Collected data:
--

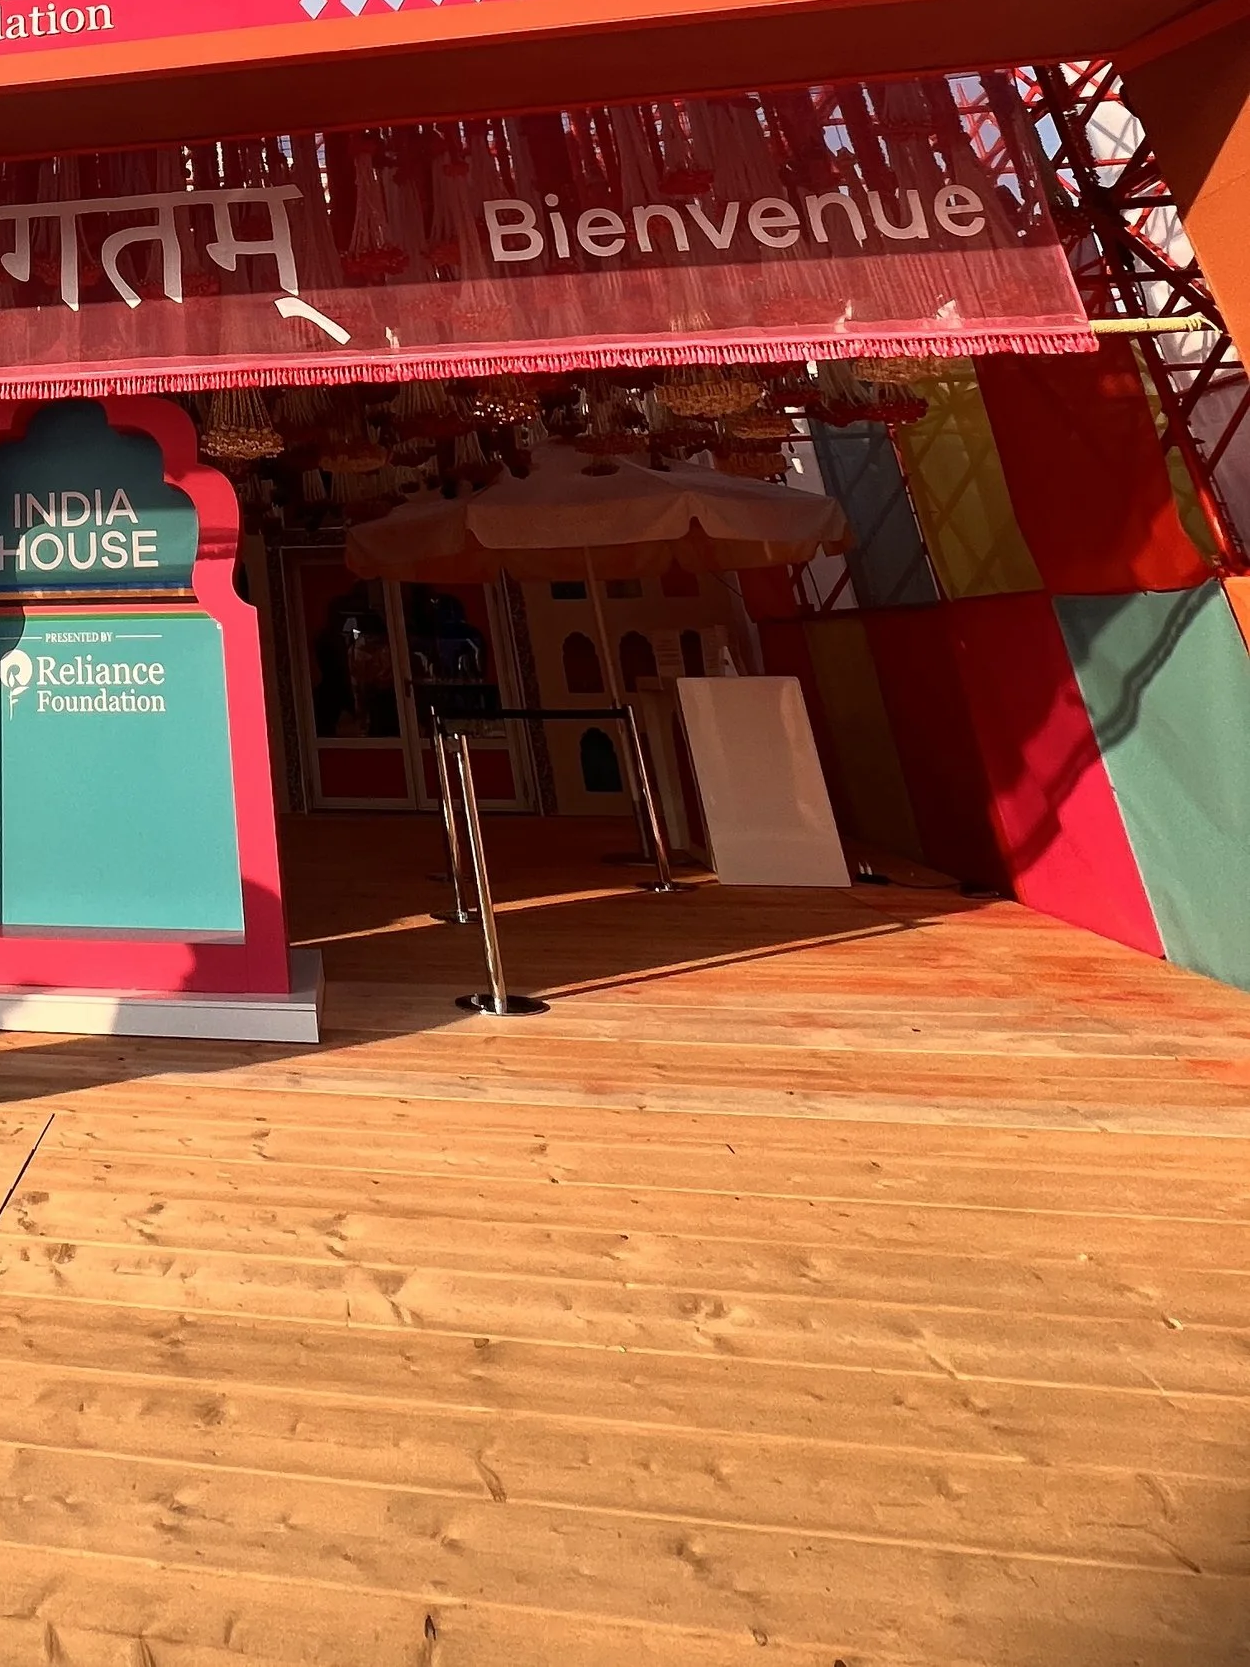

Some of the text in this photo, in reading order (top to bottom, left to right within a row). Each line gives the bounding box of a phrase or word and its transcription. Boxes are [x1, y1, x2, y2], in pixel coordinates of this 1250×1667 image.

[482, 184, 986, 263] Bienvenue
[14, 488, 139, 528] INDIA
[45, 631, 113, 643] PRESENTED BY
[36, 654, 165, 685] Reliance
[36, 688, 166, 712] Foundation

--

#### Aim of the task:
Pictures are to be left out; the records above must be repeated word for word.

#### Exercise answer:
Some of the text in this photo, in reading order (top to bottom, left to right within a row). Each line gives the bounding box of a phrase or word and its transcription. Boxes are [x1, y1, x2, y2], in pixel coordinates of this 1250×1667 image.

[482, 184, 986, 263] Bienvenue
[14, 488, 139, 528] INDIA
[45, 631, 113, 643] PRESENTED BY
[36, 654, 165, 685] Reliance
[36, 688, 166, 712] Foundation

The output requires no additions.